- [AIM OF THE TASK] Each line below must be printed again exactly.

[DATA SHOWN]

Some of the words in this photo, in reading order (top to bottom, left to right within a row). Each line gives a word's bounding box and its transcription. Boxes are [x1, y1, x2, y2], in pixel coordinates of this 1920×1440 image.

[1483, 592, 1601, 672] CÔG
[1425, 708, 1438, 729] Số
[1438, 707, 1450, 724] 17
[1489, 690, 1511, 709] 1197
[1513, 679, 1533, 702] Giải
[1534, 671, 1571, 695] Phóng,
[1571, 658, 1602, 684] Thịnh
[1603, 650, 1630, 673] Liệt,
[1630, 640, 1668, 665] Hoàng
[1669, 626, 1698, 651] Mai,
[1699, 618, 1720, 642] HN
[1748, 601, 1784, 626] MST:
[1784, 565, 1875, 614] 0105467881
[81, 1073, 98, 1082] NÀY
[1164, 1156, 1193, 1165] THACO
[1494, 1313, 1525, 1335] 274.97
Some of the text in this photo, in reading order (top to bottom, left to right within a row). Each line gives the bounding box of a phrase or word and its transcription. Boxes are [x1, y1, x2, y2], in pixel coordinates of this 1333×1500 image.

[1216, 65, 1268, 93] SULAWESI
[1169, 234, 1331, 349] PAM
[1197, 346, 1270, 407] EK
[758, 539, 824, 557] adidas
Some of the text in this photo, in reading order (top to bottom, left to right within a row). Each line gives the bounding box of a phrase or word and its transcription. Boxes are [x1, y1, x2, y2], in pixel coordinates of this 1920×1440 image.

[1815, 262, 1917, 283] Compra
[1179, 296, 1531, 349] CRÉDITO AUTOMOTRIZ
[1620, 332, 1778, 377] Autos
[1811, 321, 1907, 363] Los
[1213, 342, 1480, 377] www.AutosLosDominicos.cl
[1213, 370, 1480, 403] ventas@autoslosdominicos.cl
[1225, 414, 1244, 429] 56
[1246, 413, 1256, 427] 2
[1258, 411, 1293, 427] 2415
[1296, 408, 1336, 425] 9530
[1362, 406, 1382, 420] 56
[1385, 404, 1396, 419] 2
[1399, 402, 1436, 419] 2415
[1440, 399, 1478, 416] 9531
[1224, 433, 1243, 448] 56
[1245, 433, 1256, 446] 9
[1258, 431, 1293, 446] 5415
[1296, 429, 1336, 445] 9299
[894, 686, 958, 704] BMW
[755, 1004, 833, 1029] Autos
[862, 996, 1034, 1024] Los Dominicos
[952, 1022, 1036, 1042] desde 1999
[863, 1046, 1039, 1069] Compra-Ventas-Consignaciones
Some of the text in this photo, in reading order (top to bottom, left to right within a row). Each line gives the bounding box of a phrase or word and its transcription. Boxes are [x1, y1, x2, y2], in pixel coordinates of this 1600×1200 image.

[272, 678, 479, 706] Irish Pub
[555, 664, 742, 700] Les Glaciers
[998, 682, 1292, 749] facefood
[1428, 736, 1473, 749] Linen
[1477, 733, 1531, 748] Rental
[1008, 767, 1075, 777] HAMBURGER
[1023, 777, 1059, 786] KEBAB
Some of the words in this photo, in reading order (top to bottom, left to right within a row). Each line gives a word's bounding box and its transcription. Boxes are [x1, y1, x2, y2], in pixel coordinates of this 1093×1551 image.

[/DATA SHOWN]

- [SOLUTION TO THIS PROBLEM]
Some of the words in this photo, in reading order (top to bottom, left to right within a row). Each line gives a word's bounding box and its transcription. Boxes are [x1, y1, x2, y2], in pixel coordinates of this 1920×1440 image.

[1483, 592, 1601, 672] CÔG
[1425, 708, 1438, 729] Số
[1438, 707, 1450, 724] 17
[1489, 690, 1511, 709] 1197
[1513, 679, 1533, 702] Giải
[1534, 671, 1571, 695] Phóng,
[1571, 658, 1602, 684] Thịnh
[1603, 650, 1630, 673] Liệt,
[1630, 640, 1668, 665] Hoàng
[1669, 626, 1698, 651] Mai,
[1699, 618, 1720, 642] HN
[1748, 601, 1784, 626] MST:
[1784, 565, 1875, 614] 0105467881
[81, 1073, 98, 1082] NÀY
[1164, 1156, 1193, 1165] THACO
[1494, 1313, 1525, 1335] 274.97
Some of the text in this photo, in reading order (top to bottom, left to right within a row). Each line gives the bounding box of a phrase or word and its transcription. Boxes are [x1, y1, x2, y2], in pixel coordinates of this 1333×1500 image.

[1216, 65, 1268, 93] SULAWESI
[1169, 234, 1331, 349] PAM
[1197, 346, 1270, 407] EK
[758, 539, 824, 557] adidas
Some of the text in this photo, in reading order (top to bottom, left to right within a row). Each line gives the bounding box of a phrase or word and its transcription. Boxes are [x1, y1, x2, y2], in pixel coordinates of this 1920×1440 image.

[1815, 262, 1917, 283] Compra
[1179, 296, 1531, 349] CRÉDITO AUTOMOTRIZ
[1620, 332, 1778, 377] Autos
[1811, 321, 1907, 363] Los
[1213, 342, 1480, 377] www.AutosLosDominicos.cl
[1213, 370, 1480, 403] ventas@autoslosdominicos.cl
[1225, 414, 1244, 429] 56
[1246, 413, 1256, 427] 2
[1258, 411, 1293, 427] 2415
[1296, 408, 1336, 425] 9530
[1362, 406, 1382, 420] 56
[1385, 404, 1396, 419] 2
[1399, 402, 1436, 419] 2415
[1440, 399, 1478, 416] 9531
[1224, 433, 1243, 448] 56
[1245, 433, 1256, 446] 9
[1258, 431, 1293, 446] 5415
[1296, 429, 1336, 445] 9299
[894, 686, 958, 704] BMW
[755, 1004, 833, 1029] Autos
[862, 996, 1034, 1024] Los Dominicos
[952, 1022, 1036, 1042] desde 1999
[863, 1046, 1039, 1069] Compra-Ventas-Consignaciones
Some of the text in this photo, in reading order (top to bottom, left to right within a row). Each line gives the bounding box of a phrase or word and its transcription. Boxes are [x1, y1, x2, y2], in pixel coordinates of this 1600×1200 image.

[272, 678, 479, 706] Irish Pub
[555, 664, 742, 700] Les Glaciers
[998, 682, 1292, 749] facefood
[1428, 736, 1473, 749] Linen
[1477, 733, 1531, 748] Rental
[1008, 767, 1075, 777] HAMBURGER
[1023, 777, 1059, 786] KEBAB
Some of the words in this photo, in reading order (top to bottom, left to right within a row). Each line gives a word's bounding box and its transcription. Boxes are [x1, y1, x2, y2], in pixel coordinates of this 1093×1551 image.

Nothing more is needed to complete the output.